_TASK DESCRIPTION_
Type out each entry exactly as it appears, but keep every image out.

_DATA PROVIDED_
>>>

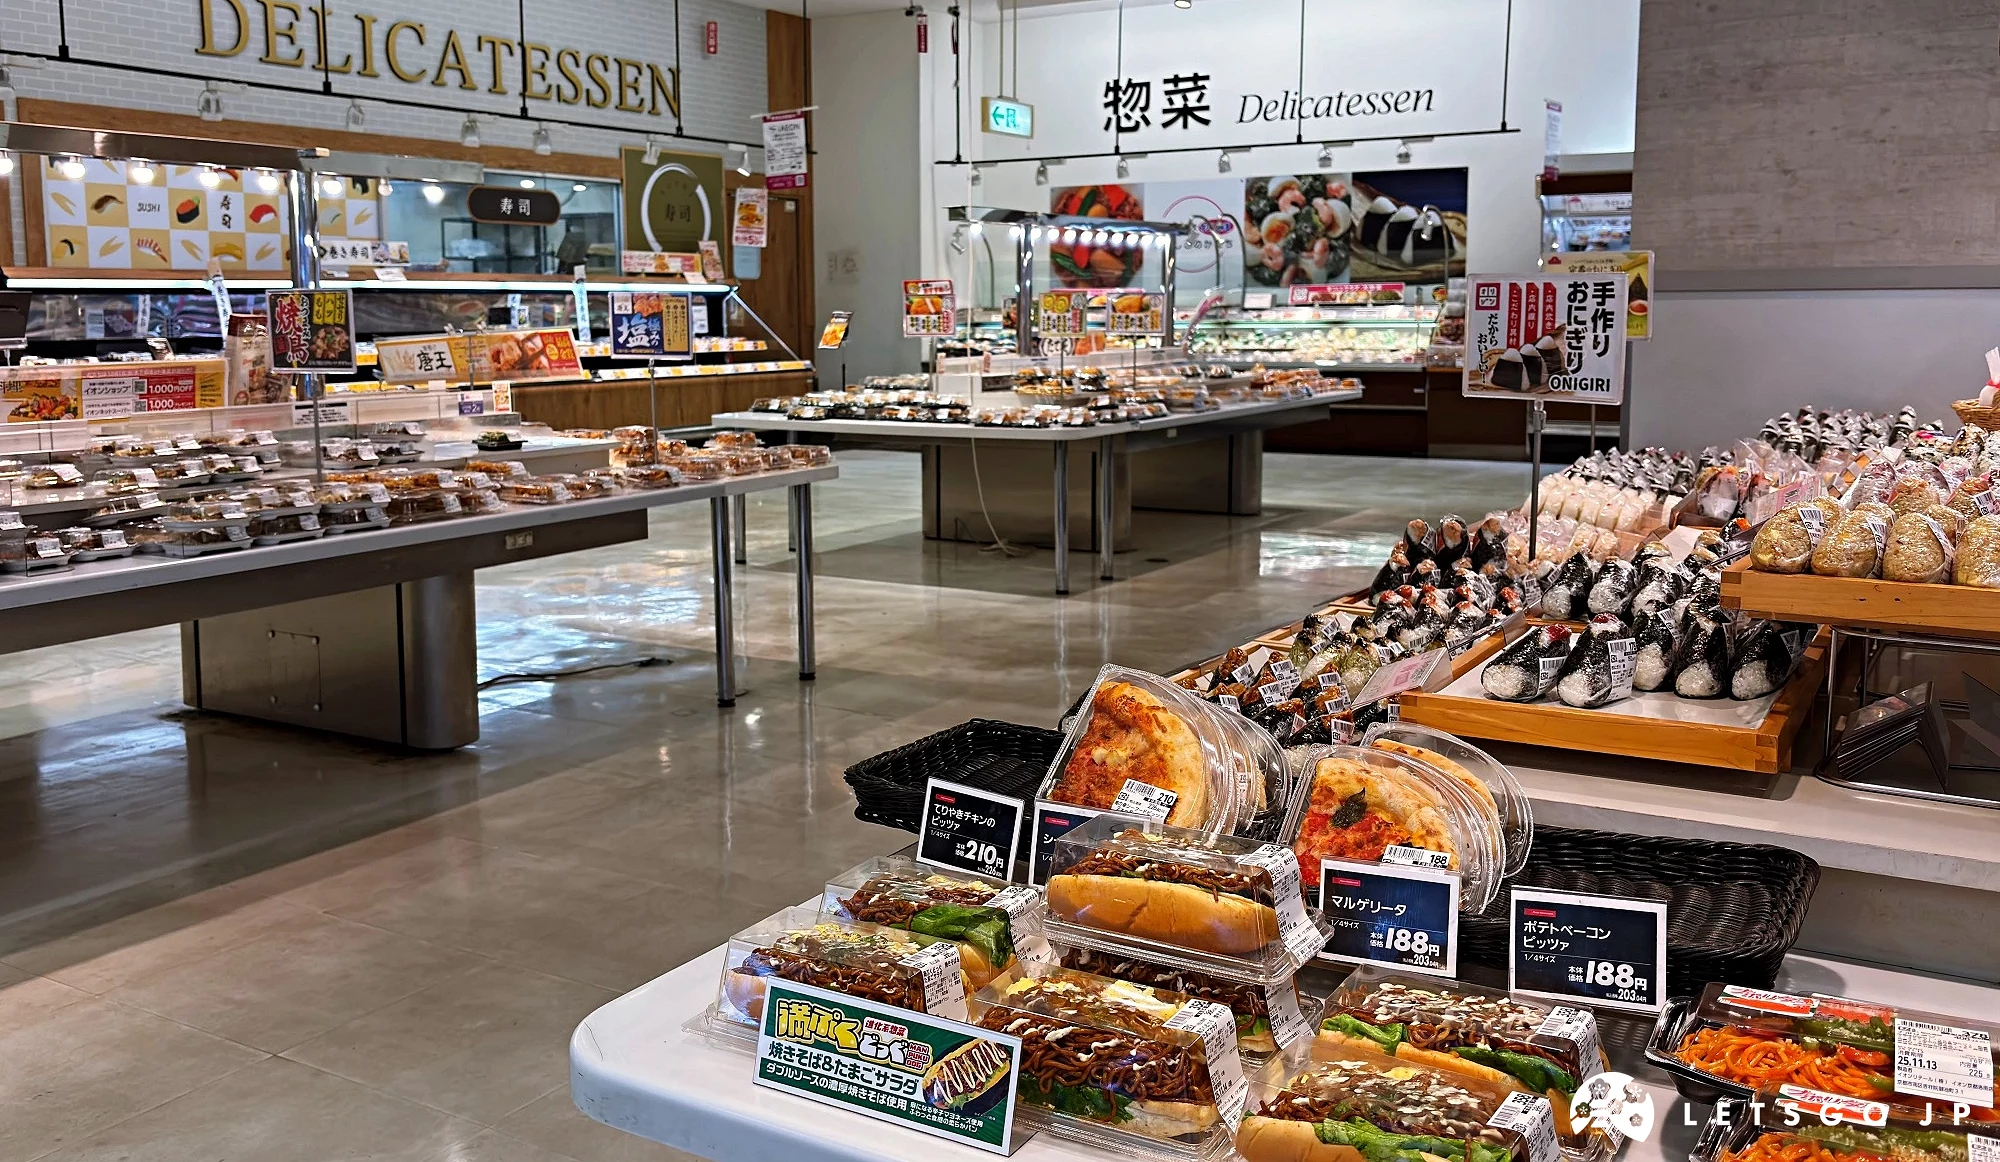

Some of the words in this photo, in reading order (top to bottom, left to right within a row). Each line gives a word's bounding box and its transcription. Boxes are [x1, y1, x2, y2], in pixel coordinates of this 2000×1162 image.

[195, 0, 680, 118] DELICATESSEN
[1104, 72, 1211, 133] 惣菜
[1236, 87, 1435, 125] Delicatessen
[136, 202, 161, 213] SUSHI
[219, 194, 232, 229] 寿司
[500, 197, 532, 217] 寿司
[328, 242, 369, 259] 巻き寿司
[1566, 280, 1589, 375] おにぎり
[1591, 280, 1616, 358] 手作り
[275, 295, 310, 364] 焼鳥
[617, 312, 651, 348] 塩
[1487, 313, 1500, 347] だから
[1550, 375, 1611, 393] ONIGIRI
[1157, 793, 1174, 804] 210
[931, 815, 960, 831] ピッツァ
[933, 803, 996, 828] てりやきチキンの
[964, 840, 1004, 869] 210円
[1430, 854, 1448, 865] 188
[1331, 894, 1407, 917] マルゲリータ
[1330, 919, 1360, 930] 1/4サイズ
[1523, 920, 1612, 940] ポテトベーコン
[1369, 939, 1384, 948] 価格
[1370, 931, 1384, 940] 本体
[1385, 927, 1440, 957] 188円
[1523, 935, 1570, 951] ピッツァ
[1524, 953, 1556, 963] 1/4サイズ
[1568, 965, 1584, 974] 本体
[1568, 974, 1584, 983] 価格
[1585, 960, 1648, 991] 188円
[865, 1019, 906, 1037] 進化系惣菜
[907, 1051, 930, 1063] PUKU
[908, 1042, 929, 1054] MAN
[768, 1040, 920, 1096] 焼きそば&たまごサラダ
[906, 1059, 923, 1070] DOG
[1897, 1055, 1938, 1070] 25.11.13
[1968, 1068, 1983, 1078] 225
[766, 1063, 908, 1111] ダブルソースの濃厚焼きそば使用

<<<

_SOLUTION TO THIS EXERCISE_
Some of the words in this photo, in reading order (top to bottom, left to right within a row). Each line gives a word's bounding box and its transcription. Boxes are [x1, y1, x2, y2], in pixel coordinates of this 2000×1162 image.

[195, 0, 680, 118] DELICATESSEN
[1104, 72, 1211, 133] 惣菜
[1236, 87, 1435, 125] Delicatessen
[136, 202, 161, 213] SUSHI
[219, 194, 232, 229] 寿司
[500, 197, 532, 217] 寿司
[328, 242, 369, 259] 巻き寿司
[1566, 280, 1589, 375] おにぎり
[1591, 280, 1616, 358] 手作り
[275, 295, 310, 364] 焼鳥
[617, 312, 651, 348] 塩
[1487, 313, 1500, 347] だから
[1550, 375, 1611, 393] ONIGIRI
[1157, 793, 1174, 804] 210
[931, 815, 960, 831] ピッツァ
[933, 803, 996, 828] てりやきチキンの
[964, 840, 1004, 869] 210円
[1430, 854, 1448, 865] 188
[1331, 894, 1407, 917] マルゲリータ
[1330, 919, 1360, 930] 1/4サイズ
[1523, 920, 1612, 940] ポテトベーコン
[1369, 939, 1384, 948] 価格
[1370, 931, 1384, 940] 本体
[1385, 927, 1440, 957] 188円
[1523, 935, 1570, 951] ピッツァ
[1524, 953, 1556, 963] 1/4サイズ
[1568, 965, 1584, 974] 本体
[1568, 974, 1584, 983] 価格
[1585, 960, 1648, 991] 188円
[865, 1019, 906, 1037] 進化系惣菜
[907, 1051, 930, 1063] PUKU
[908, 1042, 929, 1054] MAN
[768, 1040, 920, 1096] 焼きそば&たまごサラダ
[906, 1059, 923, 1070] DOG
[1897, 1055, 1938, 1070] 25.11.13
[1968, 1068, 1983, 1078] 225
[766, 1063, 908, 1111] ダブルソースの濃厚焼きそば使用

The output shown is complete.